Merging multiple files using lines from one file Post: 302704879

Sponsored Content

Top Forums Shell Programming and Scripting Merging multiple files using lines from one file Post 302704879 by Don Cragun on Sunday 23rd of September 2012 10:32:26 PM

09-23-2012

Registered User

Assuming that your version of awk has lots of memory and no limits on output line lengths, your system has a LARGE value for ARG_MAX, and that your shell doesn't limit the number of arguments you can pass to an application; the following will create a file with the contents you've requested:

Code:

#!/bin/ksh
awk -v printkey=1 '
FNR==NR{key[$1] = ++kc
        next
}
$1 in key{
        if(out[key[$1]] != "")
                out[key[$1]] = out[key[$1]] FS $2
        else    out[key[$1]] = printkey > 0 ? $1 FS $2 : $2
}
END {   for(i = 1; i <= kc; print out[i++]){}
}' list b.? b.?? b.??? b.???? > out

With 3000 input files of 50000 lines each, this awk program is going to take quite a while to complete.
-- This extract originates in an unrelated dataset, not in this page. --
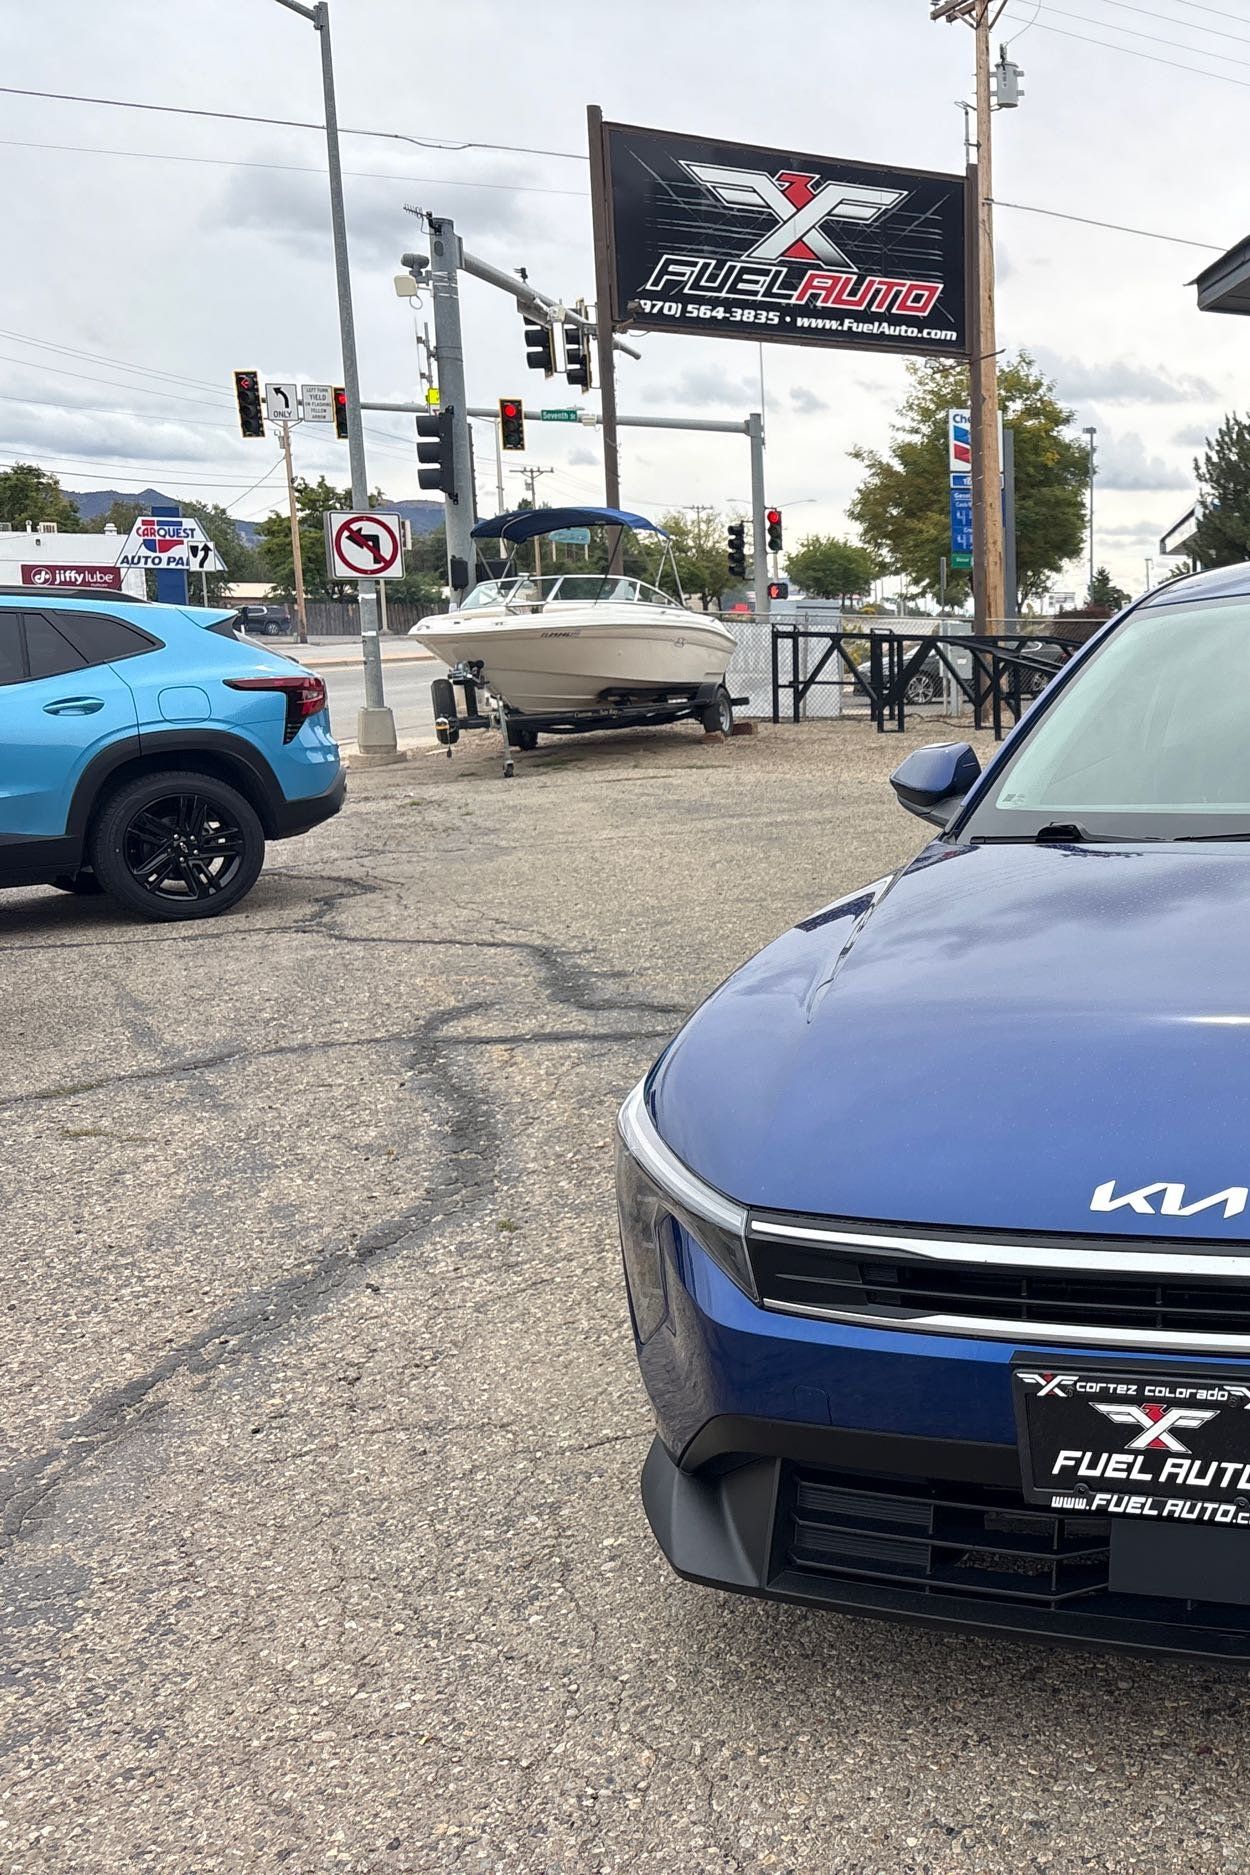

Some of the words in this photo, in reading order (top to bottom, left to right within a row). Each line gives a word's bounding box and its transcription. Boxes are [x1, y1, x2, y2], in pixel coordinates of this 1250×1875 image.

I would expect that it will run into some line length or memory limits which will necessitate running this awk program multiple times on smaller sets of the b.* files with the output from each run saved in a temp file. The paste utility can then be used to join the temp files into a single output file. (Note that in this case the 1st invocation of awk needs to have printkey=1 and all remaining invocations of awk need to have printkey=0 (or unset) so the key will only appear in the output lines once.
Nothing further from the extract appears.